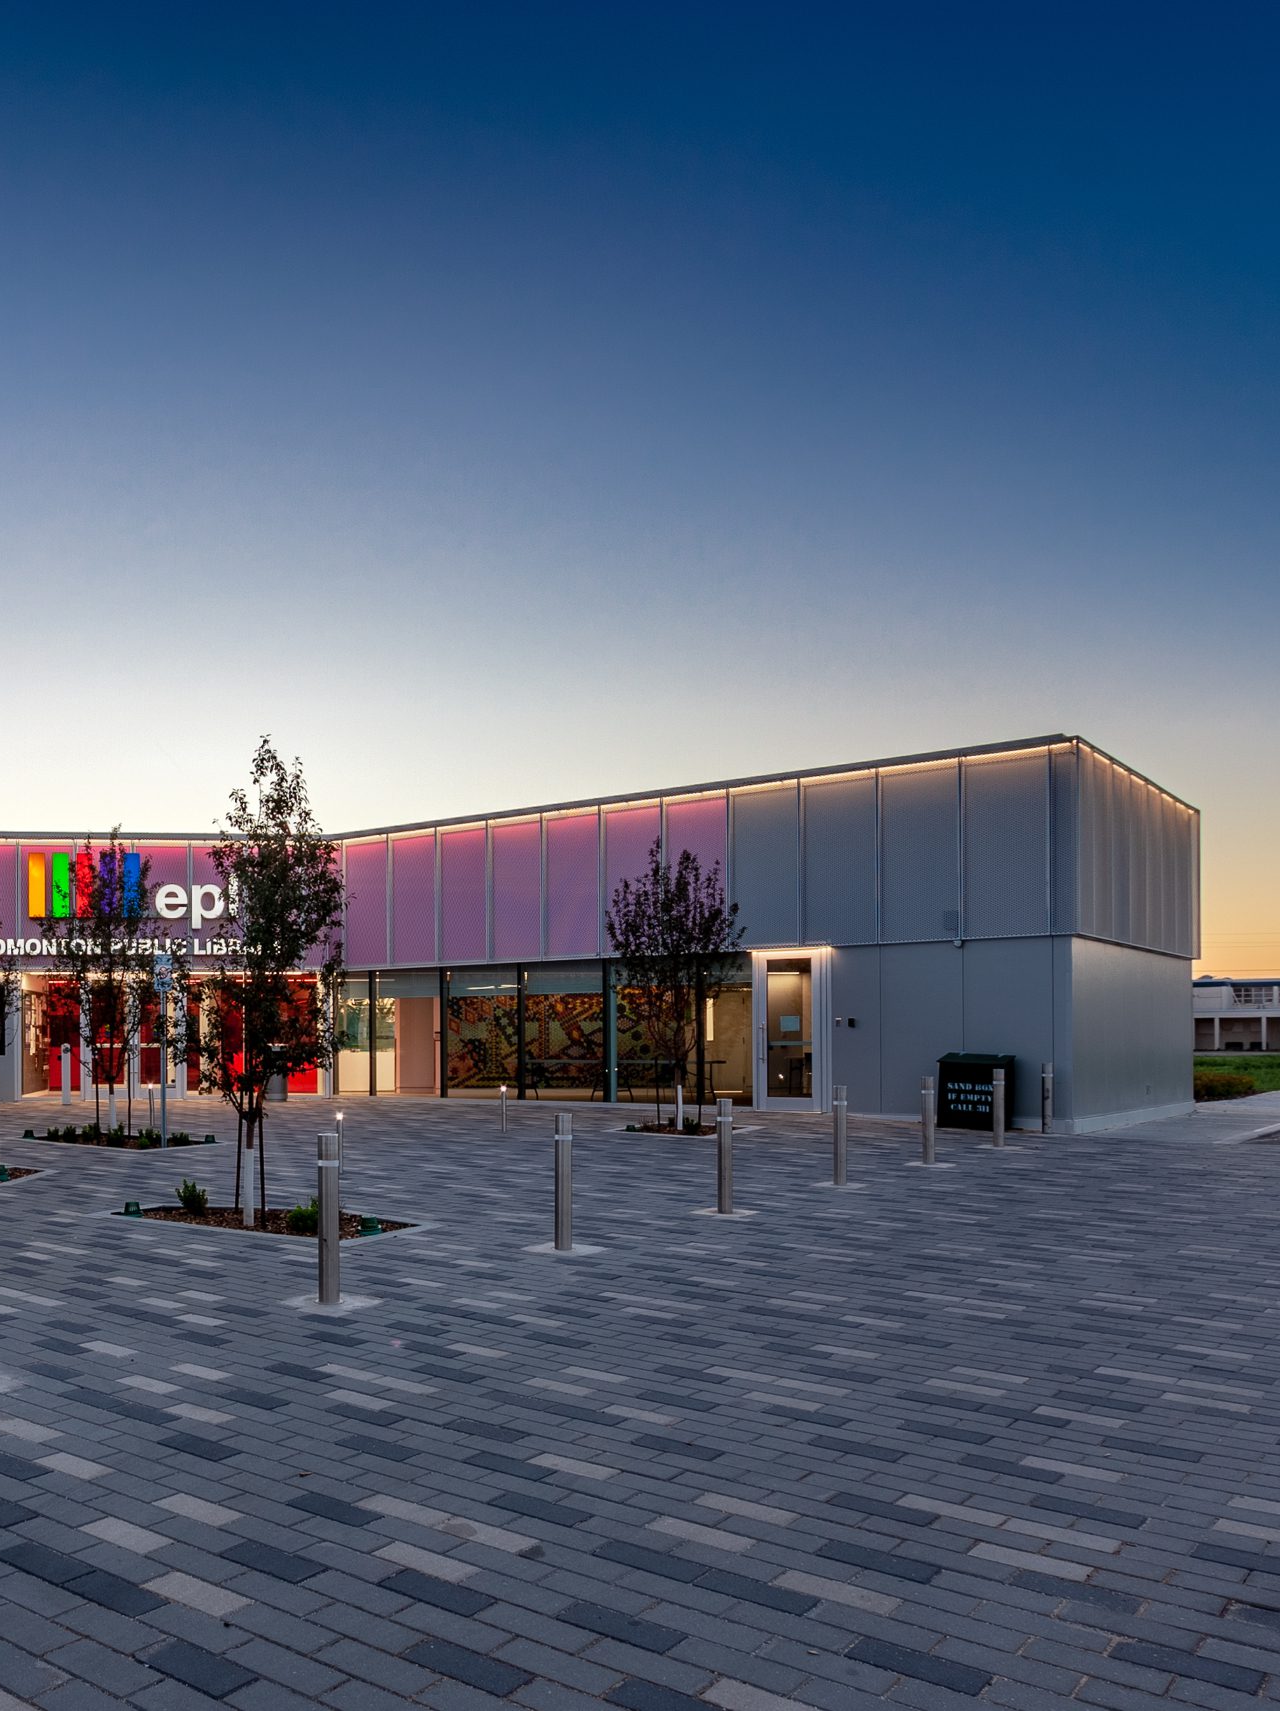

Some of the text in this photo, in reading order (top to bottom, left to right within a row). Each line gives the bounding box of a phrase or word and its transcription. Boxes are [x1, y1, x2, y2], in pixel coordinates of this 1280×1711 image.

[155, 873, 239, 929] epl
[110, 938, 187, 956] PUBLIC
[194, 938, 281, 956] LIBRA
[947, 1082, 972, 1090] SAND
[948, 1092, 992, 1102] IF EMPTY
[950, 1103, 972, 1111] CALL
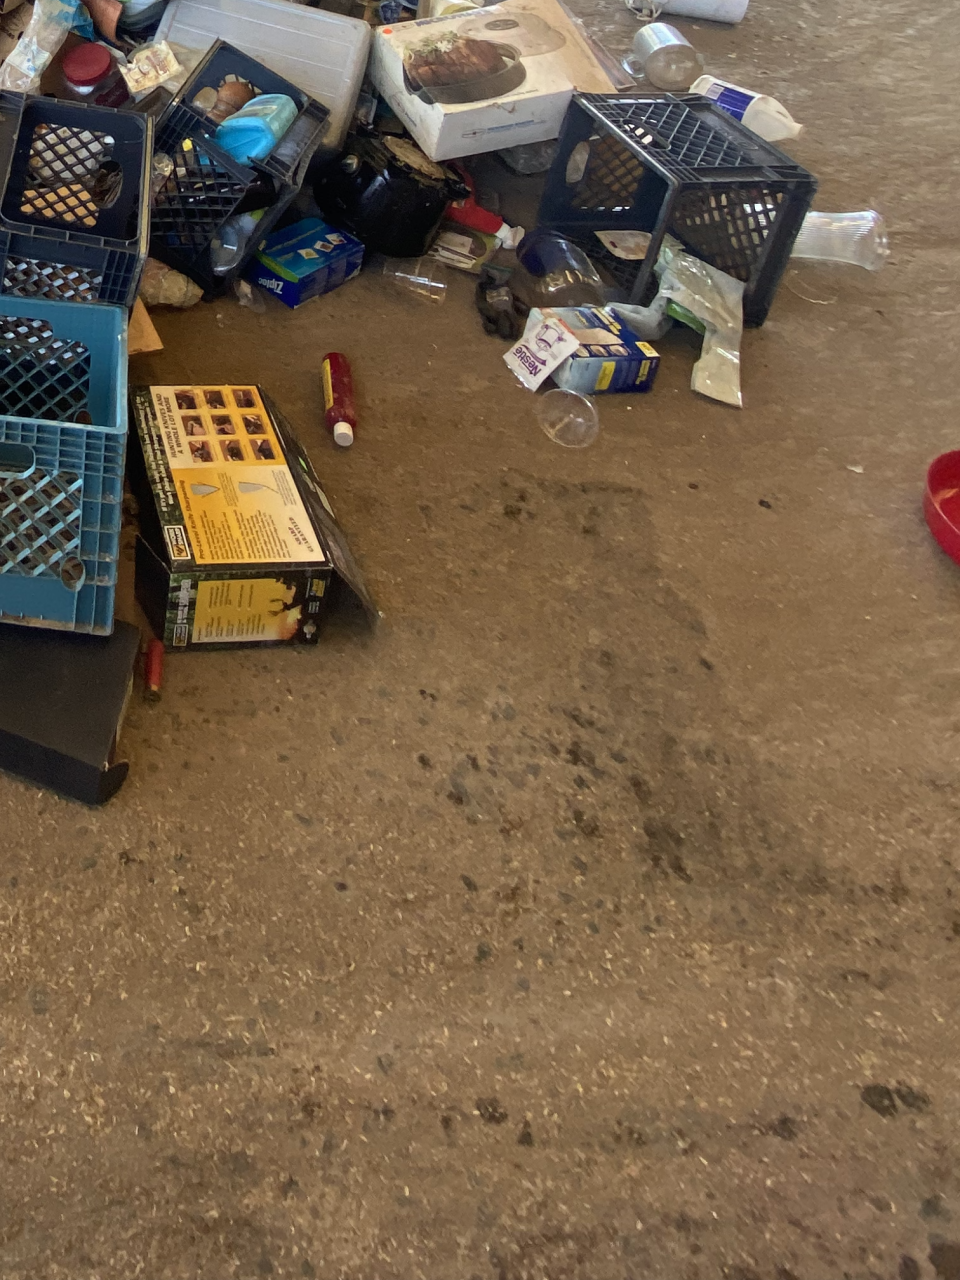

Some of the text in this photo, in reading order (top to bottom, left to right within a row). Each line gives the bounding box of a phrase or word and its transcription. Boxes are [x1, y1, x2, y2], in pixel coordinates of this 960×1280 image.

[258, 276, 284, 294] Ziploc
[164, 396, 172, 410] MORE
[156, 393, 177, 458] HUNTING KNIVES AND
[168, 410, 176, 423] LOT
[171, 423, 183, 448] WHOLE
[180, 480, 190, 512] Sharpening
[193, 530, 205, 560] Pro-Level
[288, 526, 303, 545] SHARP
= = = = =
> [EXERCISE PROMPT]:
From where "this 960×1280 image." appears to the last line of the listing above, please write out every line exactly; leave out the rest.

> [SOLUTION FOR THIS PROBLEM]:
Some of the text in this photo, in reading order (top to bottom, left to right within a row). Each line gives the bounding box of a phrase or word and its transcription. Boxes are [x1, y1, x2, y2], in pixel coordinates of this 960×1280 image.

[258, 276, 284, 294] Ziploc
[164, 396, 172, 410] MORE
[156, 393, 177, 458] HUNTING KNIVES AND
[168, 410, 176, 423] LOT
[171, 423, 183, 448] WHOLE
[180, 480, 190, 512] Sharpening
[193, 530, 205, 560] Pro-Level
[288, 526, 303, 545] SHARP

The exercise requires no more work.